Task objective:
Please transcribe the listing below exactly, but only from the line containing "this 1500×999 image." through its last line.

◆ ◆ ◆ ◆ ◆ ◆ ◆

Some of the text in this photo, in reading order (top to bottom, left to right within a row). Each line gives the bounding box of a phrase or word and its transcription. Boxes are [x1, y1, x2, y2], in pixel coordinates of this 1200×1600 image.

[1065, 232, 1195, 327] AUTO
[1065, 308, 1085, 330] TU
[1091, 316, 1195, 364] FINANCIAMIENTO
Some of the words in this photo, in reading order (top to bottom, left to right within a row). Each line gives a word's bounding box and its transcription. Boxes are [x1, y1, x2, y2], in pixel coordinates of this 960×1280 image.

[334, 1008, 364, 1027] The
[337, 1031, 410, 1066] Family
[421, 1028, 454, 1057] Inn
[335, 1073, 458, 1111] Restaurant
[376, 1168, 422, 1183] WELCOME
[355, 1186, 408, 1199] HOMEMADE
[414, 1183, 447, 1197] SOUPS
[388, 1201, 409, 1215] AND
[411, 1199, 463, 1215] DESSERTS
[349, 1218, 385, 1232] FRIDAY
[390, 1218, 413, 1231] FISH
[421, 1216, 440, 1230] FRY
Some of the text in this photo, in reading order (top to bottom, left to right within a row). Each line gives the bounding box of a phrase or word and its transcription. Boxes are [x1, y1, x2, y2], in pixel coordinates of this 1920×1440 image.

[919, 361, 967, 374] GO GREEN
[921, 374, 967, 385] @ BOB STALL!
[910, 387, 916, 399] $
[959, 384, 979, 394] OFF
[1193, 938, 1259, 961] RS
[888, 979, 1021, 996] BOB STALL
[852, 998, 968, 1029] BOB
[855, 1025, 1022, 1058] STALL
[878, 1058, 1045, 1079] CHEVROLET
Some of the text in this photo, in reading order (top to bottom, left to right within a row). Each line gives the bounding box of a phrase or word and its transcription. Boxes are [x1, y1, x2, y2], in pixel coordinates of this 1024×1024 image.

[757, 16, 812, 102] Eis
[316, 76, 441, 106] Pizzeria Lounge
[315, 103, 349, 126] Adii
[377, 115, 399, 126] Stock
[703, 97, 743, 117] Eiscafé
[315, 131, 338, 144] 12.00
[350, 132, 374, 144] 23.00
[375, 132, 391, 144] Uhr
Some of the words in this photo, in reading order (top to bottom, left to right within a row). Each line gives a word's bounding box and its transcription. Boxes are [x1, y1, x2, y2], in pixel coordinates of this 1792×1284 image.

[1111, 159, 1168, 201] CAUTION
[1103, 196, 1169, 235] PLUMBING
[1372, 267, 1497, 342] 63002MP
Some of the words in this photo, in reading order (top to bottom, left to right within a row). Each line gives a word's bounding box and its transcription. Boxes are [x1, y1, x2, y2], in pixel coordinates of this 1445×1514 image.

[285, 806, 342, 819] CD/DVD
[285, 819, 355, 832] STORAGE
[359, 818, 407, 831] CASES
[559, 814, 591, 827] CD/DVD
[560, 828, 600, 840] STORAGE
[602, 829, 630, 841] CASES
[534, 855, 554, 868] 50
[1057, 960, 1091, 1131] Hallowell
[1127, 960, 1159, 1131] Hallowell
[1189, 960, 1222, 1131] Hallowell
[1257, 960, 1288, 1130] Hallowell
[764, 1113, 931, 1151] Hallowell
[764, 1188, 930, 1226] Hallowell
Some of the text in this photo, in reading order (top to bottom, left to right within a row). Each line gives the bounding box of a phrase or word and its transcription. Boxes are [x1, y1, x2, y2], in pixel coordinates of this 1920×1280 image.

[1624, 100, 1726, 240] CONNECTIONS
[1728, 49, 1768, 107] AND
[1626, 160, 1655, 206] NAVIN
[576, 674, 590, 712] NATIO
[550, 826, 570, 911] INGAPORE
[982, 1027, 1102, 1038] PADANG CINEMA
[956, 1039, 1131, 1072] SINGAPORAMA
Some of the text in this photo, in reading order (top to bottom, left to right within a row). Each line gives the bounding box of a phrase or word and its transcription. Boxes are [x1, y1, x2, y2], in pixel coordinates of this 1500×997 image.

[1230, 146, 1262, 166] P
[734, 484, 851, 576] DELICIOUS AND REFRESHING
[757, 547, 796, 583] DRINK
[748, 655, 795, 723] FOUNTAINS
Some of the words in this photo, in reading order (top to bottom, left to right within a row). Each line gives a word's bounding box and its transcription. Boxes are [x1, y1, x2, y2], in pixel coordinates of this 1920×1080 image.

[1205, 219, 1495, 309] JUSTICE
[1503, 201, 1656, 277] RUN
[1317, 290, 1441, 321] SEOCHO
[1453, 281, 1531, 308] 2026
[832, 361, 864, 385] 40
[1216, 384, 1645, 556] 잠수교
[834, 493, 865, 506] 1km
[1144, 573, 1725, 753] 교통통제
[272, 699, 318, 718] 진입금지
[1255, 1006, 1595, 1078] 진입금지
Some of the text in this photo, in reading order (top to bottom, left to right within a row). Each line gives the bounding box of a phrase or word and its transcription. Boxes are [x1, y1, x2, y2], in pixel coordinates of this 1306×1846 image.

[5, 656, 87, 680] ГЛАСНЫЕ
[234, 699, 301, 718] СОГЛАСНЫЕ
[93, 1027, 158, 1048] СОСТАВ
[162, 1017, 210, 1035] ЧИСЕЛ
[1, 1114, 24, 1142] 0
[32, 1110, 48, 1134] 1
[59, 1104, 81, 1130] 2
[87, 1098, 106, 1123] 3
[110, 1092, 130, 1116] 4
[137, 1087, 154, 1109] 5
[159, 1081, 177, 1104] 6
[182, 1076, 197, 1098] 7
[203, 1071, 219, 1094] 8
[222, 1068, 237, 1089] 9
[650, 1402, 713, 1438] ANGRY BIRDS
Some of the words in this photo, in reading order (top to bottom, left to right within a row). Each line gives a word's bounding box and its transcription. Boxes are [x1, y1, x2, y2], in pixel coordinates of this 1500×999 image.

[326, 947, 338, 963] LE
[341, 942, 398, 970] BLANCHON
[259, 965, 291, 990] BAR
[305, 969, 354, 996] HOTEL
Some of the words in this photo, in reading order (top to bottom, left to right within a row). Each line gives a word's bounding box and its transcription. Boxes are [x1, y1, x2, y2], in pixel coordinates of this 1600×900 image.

◆ ◆ ◆ ◆ ◆ ◆ ◆

Result:
Some of the words in this photo, in reading order (top to bottom, left to right within a row). Each line gives a word's bounding box and its transcription. Boxes are [x1, y1, x2, y2], in pixel coordinates of this 1500×999 image.

[326, 947, 338, 963] LE
[341, 942, 398, 970] BLANCHON
[259, 965, 291, 990] BAR
[305, 969, 354, 996] HOTEL
Some of the words in this photo, in reading order (top to bottom, left to right within a row). Each line gives a word's bounding box and its transcription. Boxes are [x1, y1, x2, y2], in pixel coordinates of this 1600×900 image.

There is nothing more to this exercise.